Toujours au XIXème siècle, dans leur manuel respectif, Lucien
Linden et Harry
James Veitch traitent ces deux espèces séparément
sans les rapprocher. Veitch note que chez Phalaenopsis tetraspis : "
les tiges florales sont plus courtes que le feuillage et portent de 3
à 5 fleurs". Ceci n'est vrai que lorsque les plantes sont
jeunes, les tiges florales deviennent beaucoup plus longues et portent
plus de fleurs lorsque les plantes sont adultes. Pour Veitch encore, les
tiges florales de Phalaenopsis speciosa sont : " plus longues que
le feuillage, quelquefois ramifiées et portant de 9 à 12
fleurs, voire plus ". Un peu plus tard, en 1915, Rudolf
Schlechter rapproche aussi Phalaenopsis tetraspis de Phalaenopsis
speciosa mais note que le lobe médian de ce dernier est de couleur
améthyste alors que celui de Phalaenopsis tetraspis est blanc veiné
de rouge. Cette remarque concernant la couleur du lobe médian est
un argument récurrent pour les partisans de la séparation
des deux espèces mais Reichenbach lui-même a écrit
que le labelle de Phalaenopsis speciosa était : " blanc, strié
de mauve ", donc identique aux couleurs du lobe médian de
Phalaenopsis tetraspis. D'une manière générale, l'argument
de la couleur de la fleur ne peut être retenu pour discriminer une
espèce.
En 1968, après avoir étudié et comparé les
deux espèces Sweet ramène Phalaenopsis tetraspis au rang
de variété de Phalaenopsis speciosa en précisant
que pour lui Phalaenopsis tetraspis n'est qu'une forme albinos de Phalaenopsis
speciosa. Les dessins qu'il propose pour illustrer les labelles, dessins
réalisés d'après les échantillons d'herbier
originaux ayant servi à la description des deux espèces,
permettent de remarquer immédiatement la très grande similitude
qui existe entre les labelles de Phalaenopsis tetraspis et de Phalaenopsis
speciosa. A part une forme générale légèrement
différente les dessins comparatifs des labelles des deux espèces
montrent essentiellement que les lobes latéraux de Phalaenopsis
tetraspis se terminent par une sorte de crochet que je n'ai personnellement
jamais réussi à observer et qui n'apparaît pas dans
le dessin original de Reichenbach. D'autres différences mineures
comme la forme du lobe médian plus oblong, un trichome plus allongé
et un cal aux divergences presque parallèles chez Phalaenopsis
tetraspis, ne sont pas des arguments décisifs pour différencier
deux espèces. Ces différences mineures sont observables
chez d'autres espèces et l'observation d'échantillons secs
peut expliquer ces quelques dissemblances.

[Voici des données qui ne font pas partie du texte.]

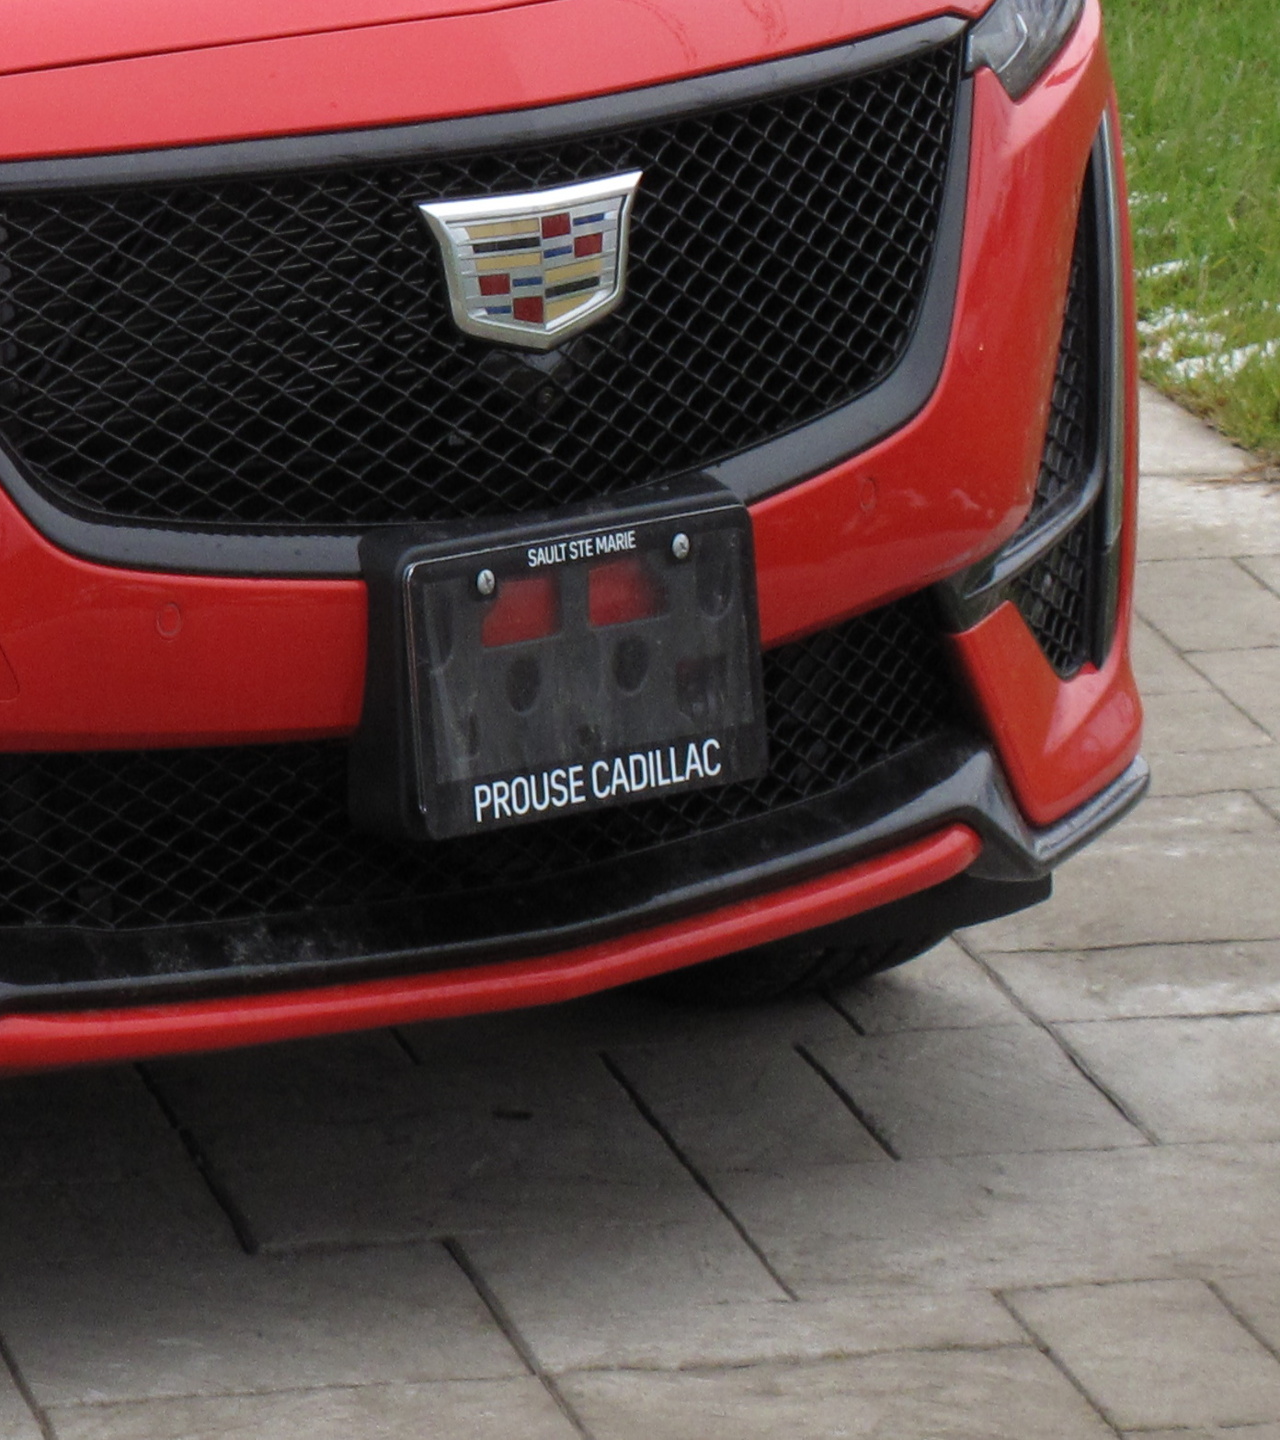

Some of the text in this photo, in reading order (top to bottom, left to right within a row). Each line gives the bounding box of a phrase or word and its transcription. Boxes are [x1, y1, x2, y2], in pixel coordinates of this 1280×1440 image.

En 2001, Eric Alston Christenson dans Phalaenopsis A Monograph,
admet que Phalaenopsis speciosa pose un problème à cause
de sa coloration très versatile et qu'il se rapproche en cela de
Phalaenopsis tetraspis qui montre également une certaine variabilité
dans sa coloration. Il remarque également que ces deux espèces
sont sympatriques bien que Phalaenopsis tetraspis est une aire de dispersion
plus étendue.
La comparaison des fleurs des plantes actuellement en culture avec les
dessins connus de Phalaenopsis speciosa ne permet pas non plus de discerner
de différences. Comme Sweet l'affirmait dès 1968 après
examen des lobes médian de ces deux espèces on ne peut que
constater que l'on a à faire à des espèces conspécifiques
mais qu'il convient de ramener Phalaenopsis speciosa Rchb.f. au rang de
synonyme de Phalaenopsis tetraspis Rchb.f., cette dernière espèce
bénéficiant de l'antériorité. On ne peut considérer
Phalaenopsis speciosa comme subvariété de Phalaenopsis tetraspis
malgré que cette espèce soit endémique des îles
Andaman mais l'absence d'homogénéité des plantes
obtenues par semis va à l'encontre de cette classification.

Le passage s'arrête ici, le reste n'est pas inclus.